A medida será implementada por meio do Programa de Avaliação das Contas do Poder Legislativo Municipal (ProLegis), instituído pela Instrução Normativa nº 197/2025, que redefine a forma de apresentação da Prestação de Contas Anual (PCA) das câmaras municipais.

Segundo o coordenador do programa, André Ricardo Alves de Menezes, a reformulação busca fortalecer o papel do Legislativo municipal.

“Estamos redefinindo a prestação de contas que, além dos tradicionais aspectos financeiros e orçamentários, passará a ter foco no planejamento, na eficiência, na correta alocação de recursos e na transparência”, afirmou.

Seis eixos de avaliação
A avaliação será realizada por meio de 282 questões enviadas às 399 câmaras municipais do Paraná, organizadas em seis eixos principais:

  • atuação legislativa e qualidade das leis aprovadas
  • funcionamento das comissões permanentes
  • fiscalização do Poder Executivo
  • transparência e relacionamento com o cidadão
  • estrutura informatizada para tramitação de projetos
  • qualificação dos servidores da Câmara

Inicialmente, os responsáveis pelas respostas serão os presidentes das câmaras municipais.

Nota zero em fiscalização
Se o objetivo do Tribunal é melhorar a governança e a fiscalização dos Legislativos, o cenário da Câmara Municipal de Toledo chama atenção.

Em um dos indicadores avaliados pelo Tribunal de Contas do Estado do Paraná, o Legislativo de Toledo recebeu nota zero no quesito fiscalização.

Zero.

Não se trata de uma crítica política, mas de uma avaliação técnica feita pelo órgão responsável por fiscalizar o uso do dinheiro público.

A nota expõe um problema estrutural: a ausência de mecanismos efetivos de controle e investigação dentro da própria Câmara.

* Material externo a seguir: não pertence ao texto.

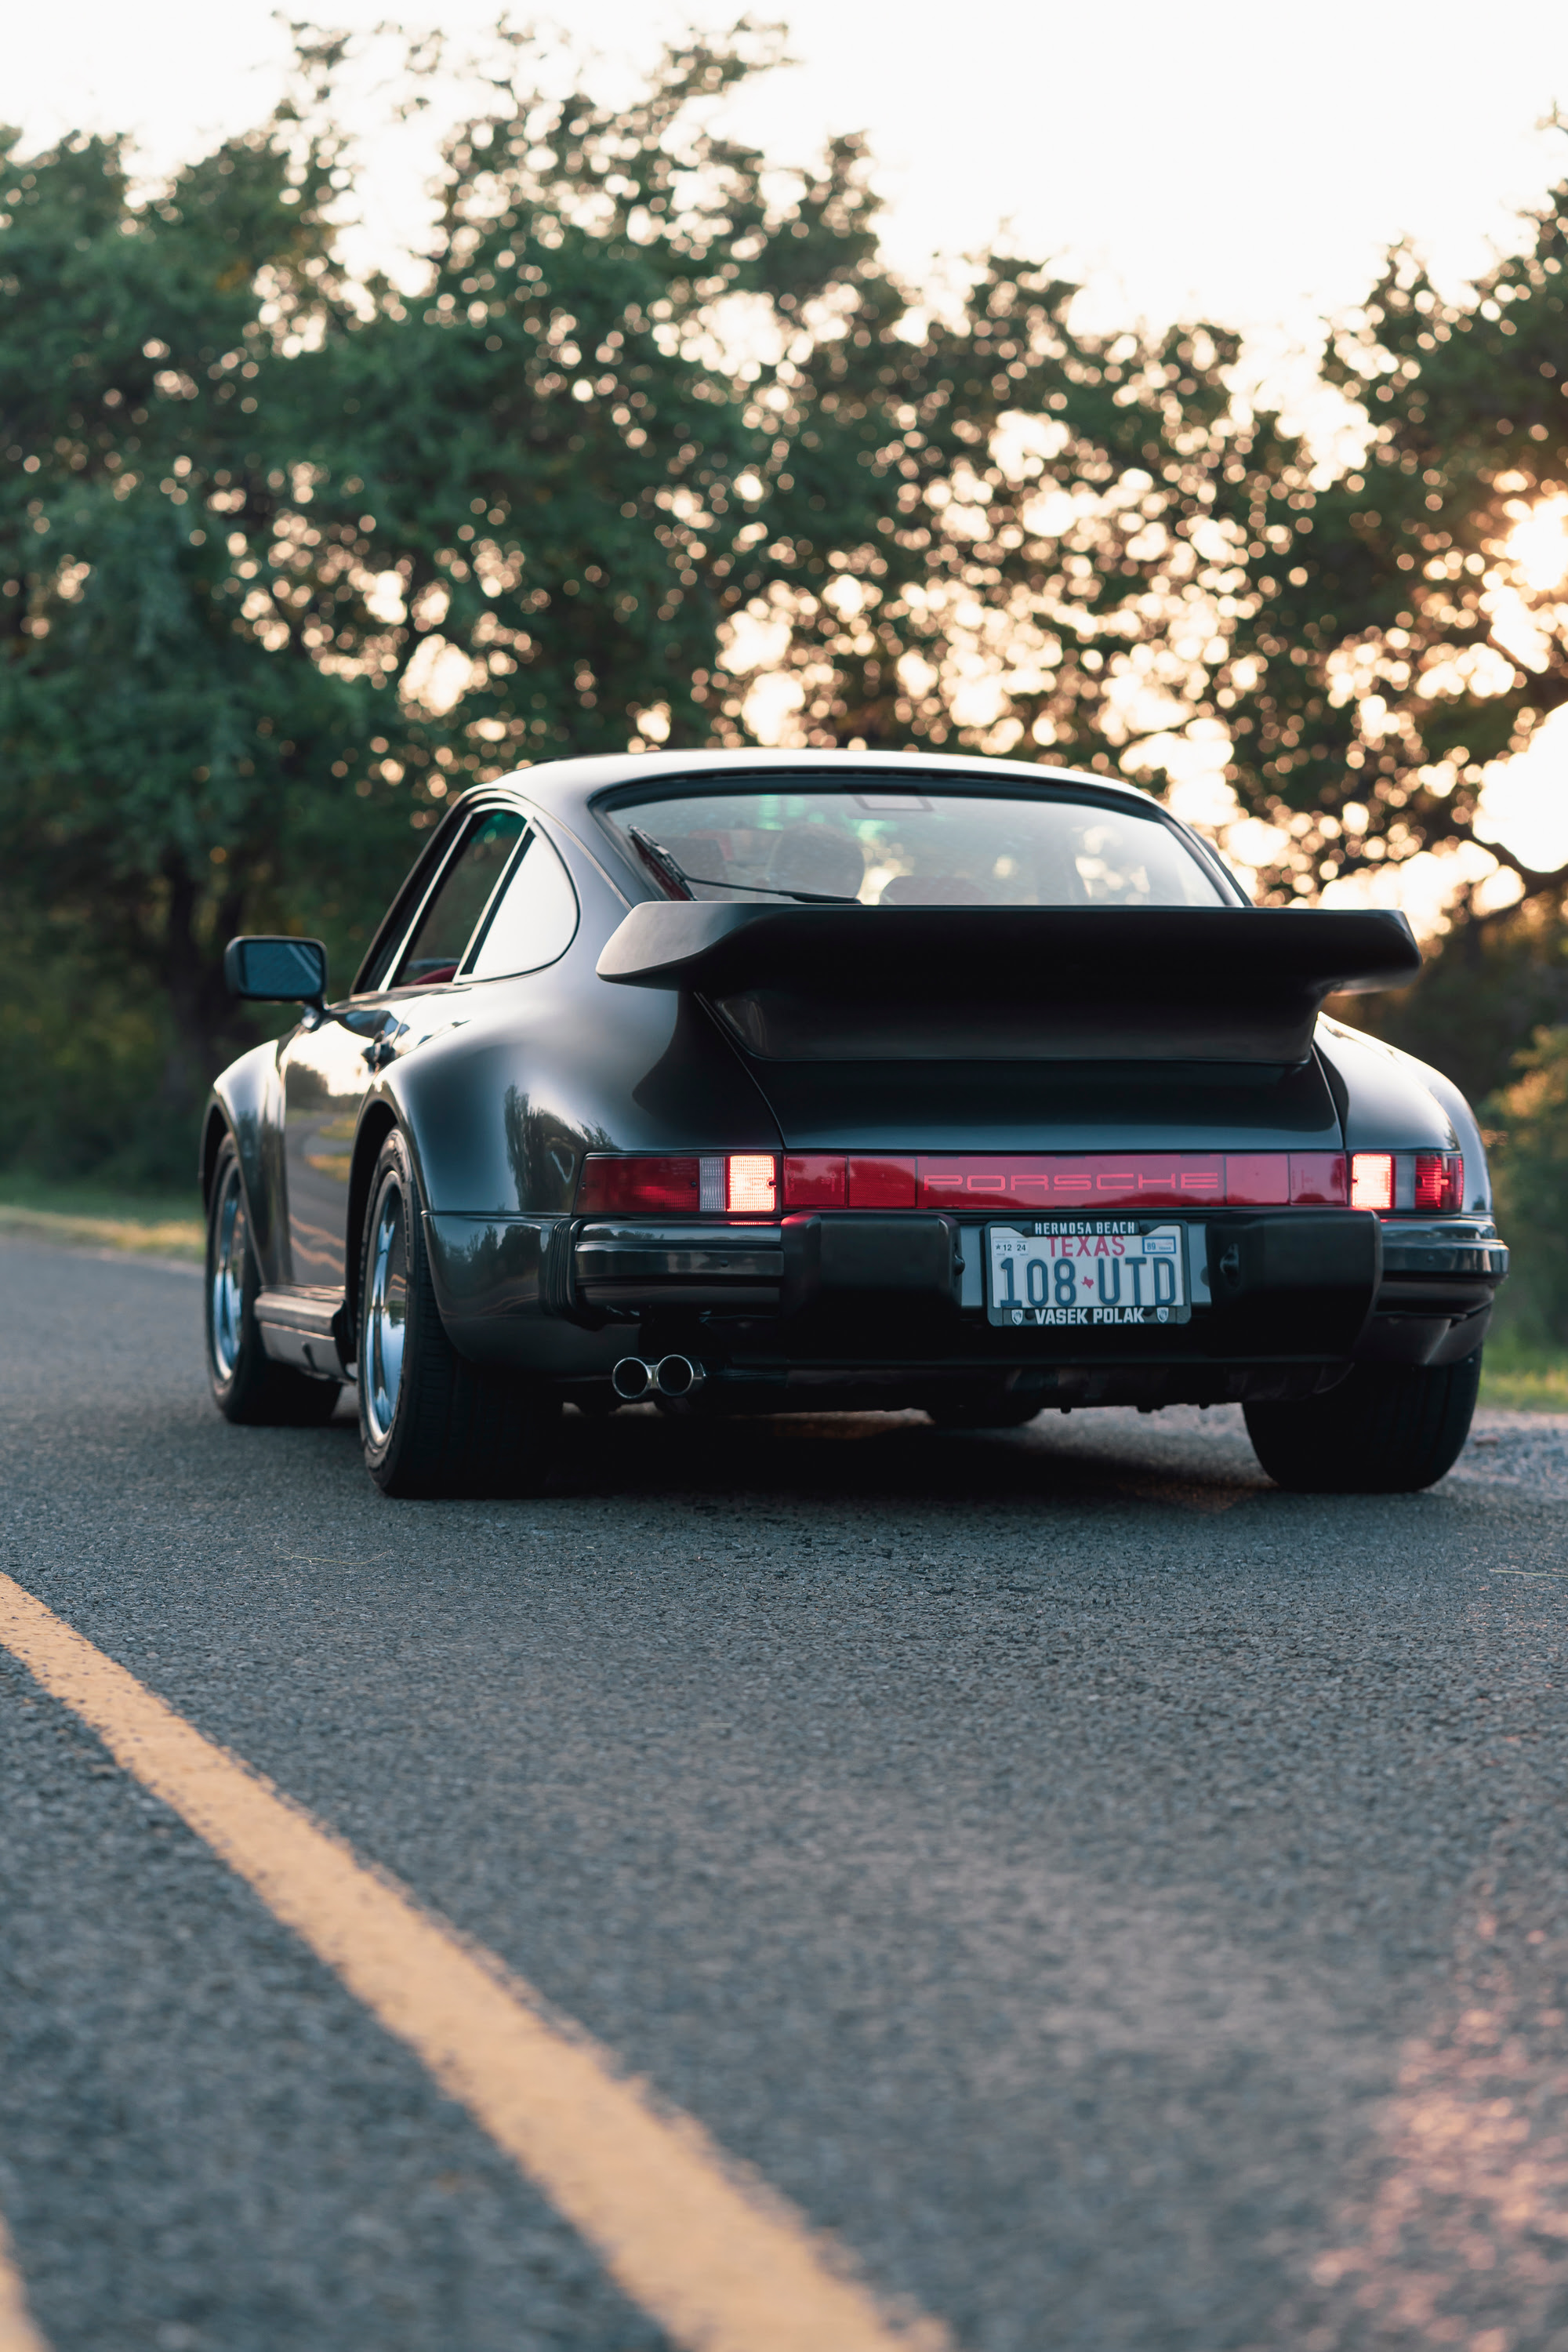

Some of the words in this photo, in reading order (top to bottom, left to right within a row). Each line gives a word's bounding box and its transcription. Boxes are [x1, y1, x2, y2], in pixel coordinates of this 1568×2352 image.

[924, 1173, 1218, 1191] PORSCHE
[1035, 1222, 1092, 1235] HERMOSA
[1096, 1221, 1135, 1234] BEACH
[1047, 1236, 1125, 1257] TEXAS
[1000, 1258, 1076, 1308] 108
[1098, 1257, 1176, 1306] UTD
[1035, 1308, 1088, 1325] VASEK
[1093, 1307, 1145, 1324] POLAK

Durante recente debate interno, o controlador da Casa afirmou que ocupa o cargo há 18 anos sem ter presenciado a abertura de um procedimento de investigação interna no Legislativo:

  • A declaração evidencia o tamanho do problema institucional.
  • Dezoito anos sem apuração interna.
  • Dezoito anos sem investigação.
  • Dezoito anos sem reação institucional.

Queda na transparência
Outro indicador preocupante envolve o ranking de transparência pública.

A Câmara de Toledo já ocupou a 16ª posição estadual nesse tipo de avaliação. "Hoje, aparece além da posição 200 no ranking, não é apenas uma queda. É um tombo institucional significativo".

A matemática da crise
Enquanto os mecanismos de fiscalização interna permanecem praticamente inativos, o cenário político recente da Câmara inclui:

  • 2 vereadores afastados por investigação de corrupção
  • 4 assessores citados em recebimento de valores
  • Investigações em andamento
  • desgaste institucional crescente

Mesmo diante desse cenário, críticos apontam que a reação institucional da própria Casa tem sido lenta.

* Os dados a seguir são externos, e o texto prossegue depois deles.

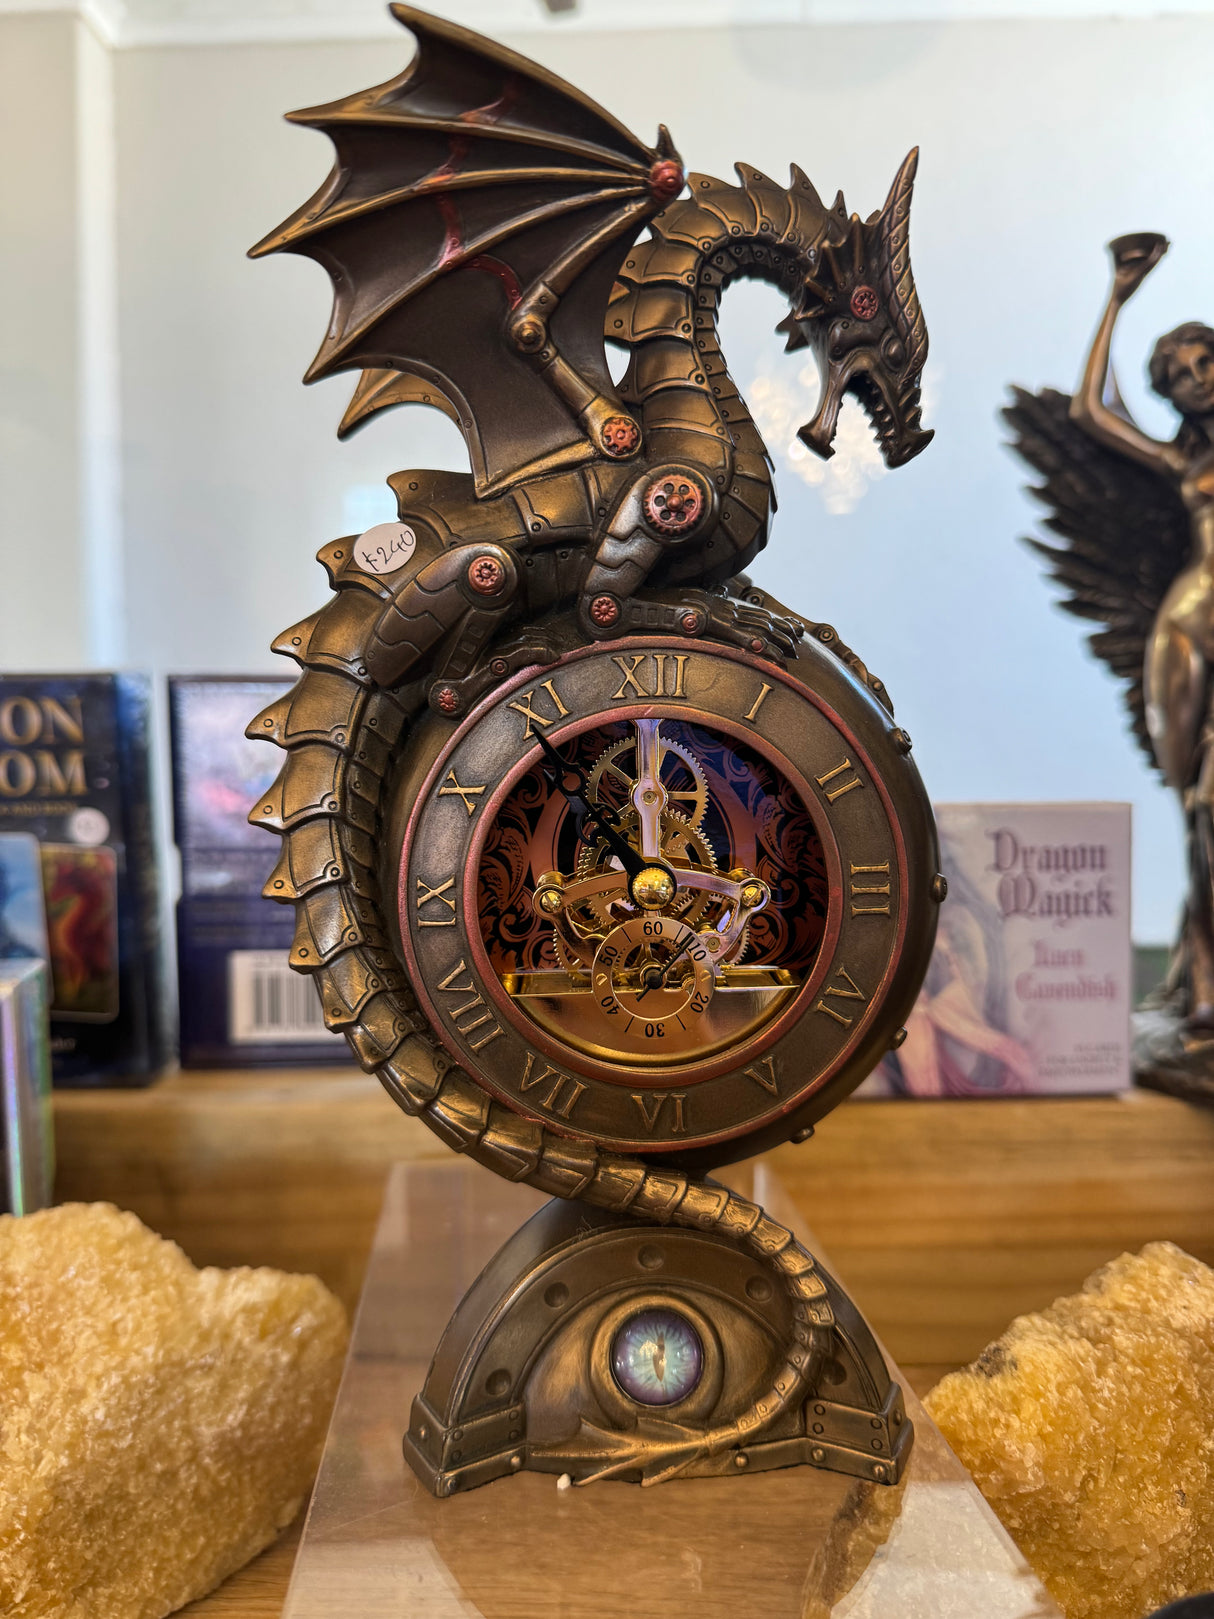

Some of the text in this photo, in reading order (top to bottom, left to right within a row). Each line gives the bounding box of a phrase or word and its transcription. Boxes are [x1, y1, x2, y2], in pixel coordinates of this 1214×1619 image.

[611, 655, 690, 700] XII
[509, 679, 570, 742] XI
[743, 682, 774, 722] I
[438, 769, 489, 817] X
[814, 757, 866, 804] II
[985, 827, 1107, 884] Dragon
[416, 875, 457, 928] IX
[849, 861, 892, 918] III
[998, 870, 1115, 930] Magick
[642, 920, 663, 936] 60
[598, 945, 618, 967] 50
[687, 942, 707, 962] 10
[437, 960, 508, 1057] VIII
[600, 995, 620, 1016] 40
[690, 991, 709, 1013] 20
[815, 966, 872, 1029] IV
[644, 1022, 665, 1038] 30
[519, 1051, 590, 1120] VII
[743, 1054, 782, 1097] V
[631, 1093, 689, 1134] VI

Debate sobre Dudu Barbosa gera confronto na sessão
O clima político esquentou durante a 7ª Sessão Ordinária da Câmara de Toledo, quando o caso envolvendo o vereador afastado Edimilson Dias Barbosa voltou ao centro do debate.

Durante sua fala parlamentar, o vereador Professor Oseias criticou parlamentares que votaram favoráveis a um recurso relacionado ao processo disciplinar envolvendo o vereador afastado.

A declaração gerou reação imediata da vereadora Katchi Nascimento. Em sua manifestação, ela pediu que o vereador apresentasse provas das acusações feitas.

“Que o vereador prove onde eu e a vereadora Professora Marli estávamos impedindo o vereador Dudu de receber notificação. Que mostre áudio ou vídeo onde isso teria ocorrido”, afirmou.

A vereadora também explicou que o voto dos parlamentares teve como objetivo garantir a legalidade do processo, e não impedir sua continuidade. Segundo ela, a votação buscou evitar possíveis nulidades que poderiam paralisar o processo disciplinar, e não arquivá-lo.

“Que o vereador não falte com a verdade com a comunidade e com a população toledana”, declarou.

Katchi Nascimento ainda pediu cautela nas declarações feitas em plenário e orientou que os parlamentares busquem se informar sobre o andamento dos procedimentos antes de citar nomes durante os debates.